Naturalmente, esta atitude “garante”, por assim dizer, certa viabilidade e qualidade ao trabalho desempenhado, no caso, o do terapeuta. Ao se encontrar “na zona do tratamento”, com o foco centrado, a tomada de decisões se torna mais clara e o espaço para se ouvir toda sorte de intuições é significativamente ampliado. Mas, ainda há um “que” de utilitarismo, de intenção, contido nesse comportamento: deve-se ter presença para alcançar melhor resultado! Seria possível não ter alguma “meta” a ser cumprida em uma atividade terapêutica?
Talvez a questão não seja a de ter ou não uma meta, mas a de se agarrar a estas “versus” vivenciá-las. Quero dizer, sempre se pode dizer que por trás da atitude mais desinteressada possível há um interesse particular – aliás, tal é o método clássico dos moralistas de todos os tempos, i.e., encontrar interesses mesquinhos por detrás de atitudes “inocentes”. Sim, há uma impossibilidade de nos desprendermos de nossas emoções, expectativas e desejos parciais – i.e., polarizados – seja no ambiente terapêutico, seja alhures, mas pode-se manter uma relação menos apegada, menos identificada, com as expectativas, intenções, desejos e agendas da vida cotidiana. (circulação de pensamentos, de energia..)

Motivação e entusiasmo; cotidiano e contemplação
Atuar com um objetivo não é, assim, exatamente o “problema”, mas sim confundir determinado objetivo com a razão única de ser da ação – afinal, não controlamos o resultado de nossas atitudes. Agir unicamente em torno de um objetivo fixo seria uma espécie de estagnação de energia; a ação única e exclusivamente motivada para um fim se equivale à ação orientada por um desejo, uma falta, um vazio, um lapso, no caso, o da saúde do paciente (seja lá o que isso for). E como não crer que a obsessão por bons resultados, enquanto único motivo da ação, também não se fundamenta em uma constante necessidade de auto-afirmação?
É certo que, em termos pragmáticos, um terapeuta faz uso de métodos para “curar” o paciente; há ai uma relação de causa e efeito. O terapeuta precisa de sobreviver, ganhar dinheiro, e o faz através da obtenção de resultados – i.e., ele “causa”, produz certo estado de coisas e assim é recompensado pelo serviço. Nunca é demais repetir o que foi dito anteriormente: possivelmente toda ação humana está impregnada de motivos similares aos aqui mencionados, que por sua vez estão entremeados de emoções e considerações as mais diversas.
Em um nível pragmático, há portanto a eleição, por parte do terapeuta, de “coisas a fazer” e de “resultados a se obter”, isto é, há a eleição de um programa humanista – um fim, um ideal, uma meta, um telos, tal como a “saúde”, o “esclarecimento/iluminação” do paciente, etc. Da mesma forma, em um nível cotidiano, as leis de causa e efeito regem o comportamento – “se colocarmos uma agulha aqui e outra ali, possivelmente o paciente irá melhorar” – nós temos controle relativo das situações e do desenrolar das ações. Longe de ser errado, talvez seja impossível não vivenciar tais crenças, mas há uma diferença substancial entre vivenciá-las, deixá-las fluir por nós, e por outro lado, nos identificarmos, nos apegarmos a elas.

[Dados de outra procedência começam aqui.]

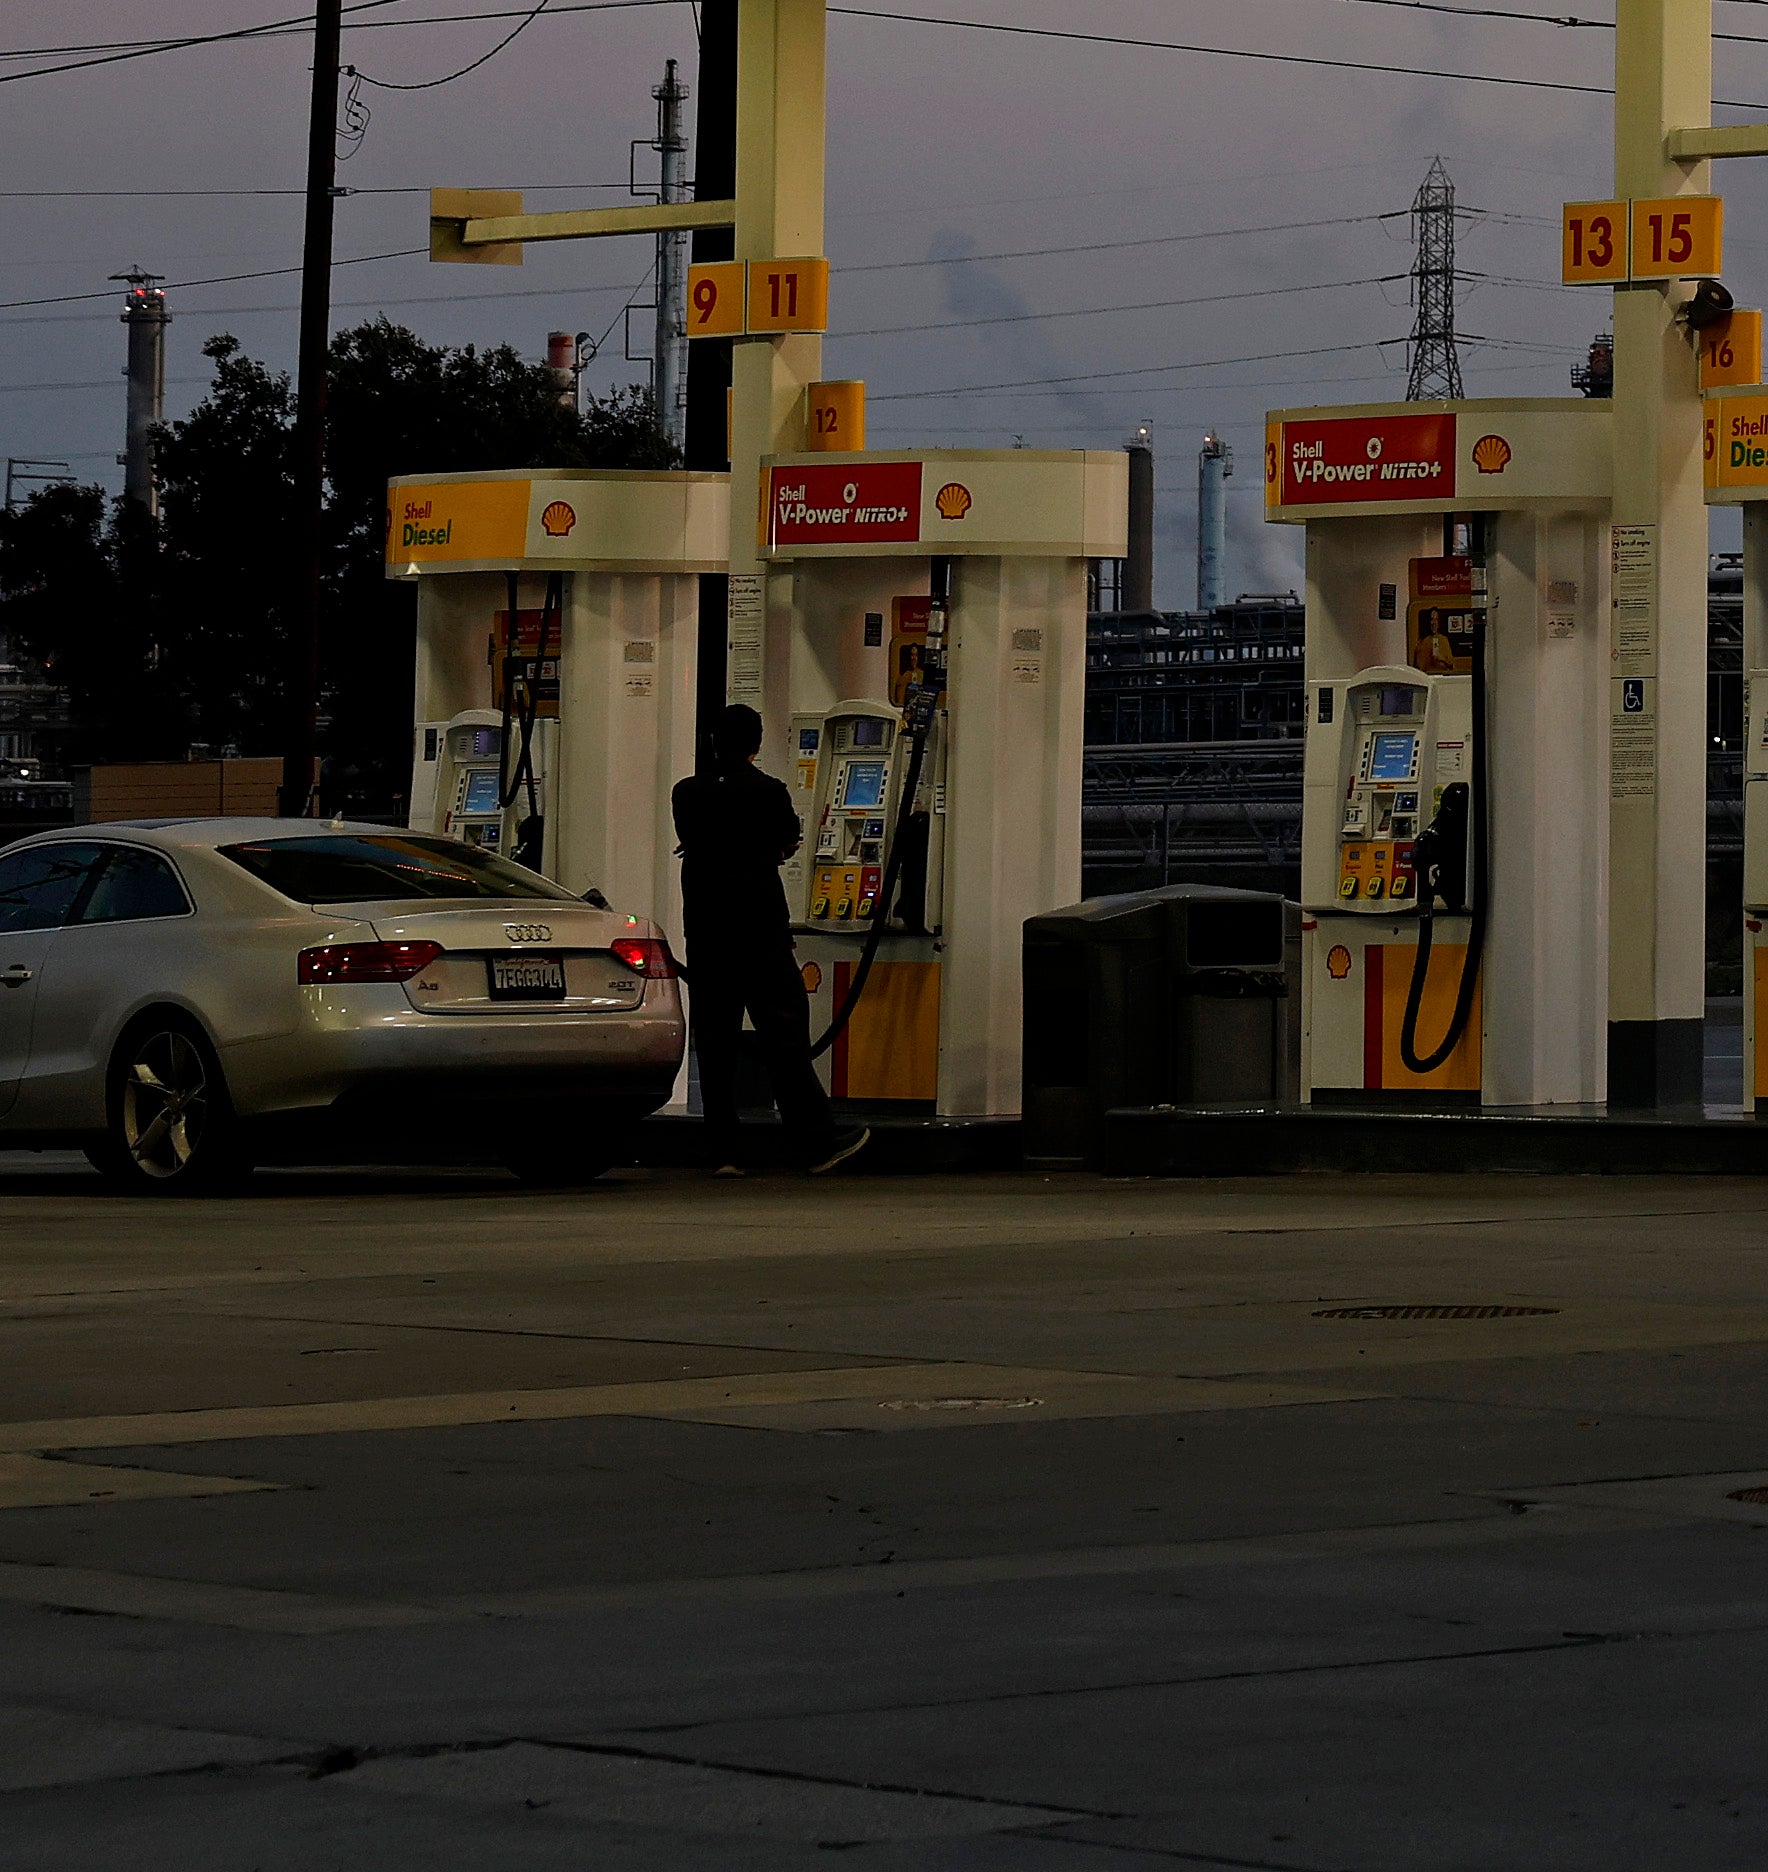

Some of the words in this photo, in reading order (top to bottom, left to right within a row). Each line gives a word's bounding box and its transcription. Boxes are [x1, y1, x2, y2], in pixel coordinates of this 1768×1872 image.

Embora sejamos entremeados de crenças, emoções, pensamentos, não somos nenhum destes em específico. Tampouco temos domínio total de seu fluxo e refluxo, embora comumente desejamos nos petrificar sobremaneira em torno de alguns conceitos-chave ou emoções-chave – sou deprimido, sou agradável, sou inteligente, sou um bom terapeuta, etc. Fora a ilusão do controle aí contida, onde se encontam as idéias outrora propagadas, de circulação de energias, de equilíbrio dinâmico, de movimentação e circulação das forças componentes e complementares da dualidade? Como ofertar uma “cura”, que também pode ser entendida como restabelecimento de harmonia dinâmica, se estamos presos a noções identitárias muito fixas? A desejos uniformes? A metas pré-estabelecidas de saúde e doença? A emoções, pensamentos, falsamente identificados como minhas emoções, meus pensamentos? Há a necessidade de nos desassociarmos, vez ou outra, do nível pragmático acima mencionado; melhor, de associarmos a ele um outro nível, mais abrangente e “contemplativo”, menos “utilitarista”. Não para “superar criticamente” o nível cotidiano da realidade, mas para lembrarmo-nos do que não nos encerramos na realidade pragmática; tampouco o mundo se encerra no “certo e errado” que tanto guia a atividade profissional.
Há a necessidade de um esforço diário, por assim dizer, frente ao tecnicismo, que é afinal importante, mas facilmente nos leva ao comodismo – porque garante nossa sobrevivência diária. Para isso, não há fórmula; tal é o motivo de não propor aqui uma conciliação definitiva, mas sim de buscar apresentar um incômodo gerador de ruminações e exercícios mentais. Podemos apenas, neste momento, levantar alguns possíveis tópicos de reflexão. Gostaria aqui de retomar a questão inicial: como entrecruzar a concepção “tecnicista” do método terapêutico enquanto gerador de uma cura com uma percepção de mutabilidade constante, que exclui a existência de um patamar fixo de oscilação, de mutação, de equilíbrio? Em outros termos, se não há um padrão fixo de oscilação ou de mutação, não há um fundamento sólido para se discernir a saúde e a doença, logo deve-se sempre repensar todo o aparato de julgamento intelectual, das bases ao cume. Deve-se manter o pensamento em movimento.
Thiago Moutinho Atala Neto, aluno do 3° semestre de Acupuntura.

Bibliografia:
BUENO, André. A estrutura do pensar chinês.
_____. Laozi e zhuangzi. Mestres do caminho.
MORIN, Edgar. Da necessidade de um pensamento complexo.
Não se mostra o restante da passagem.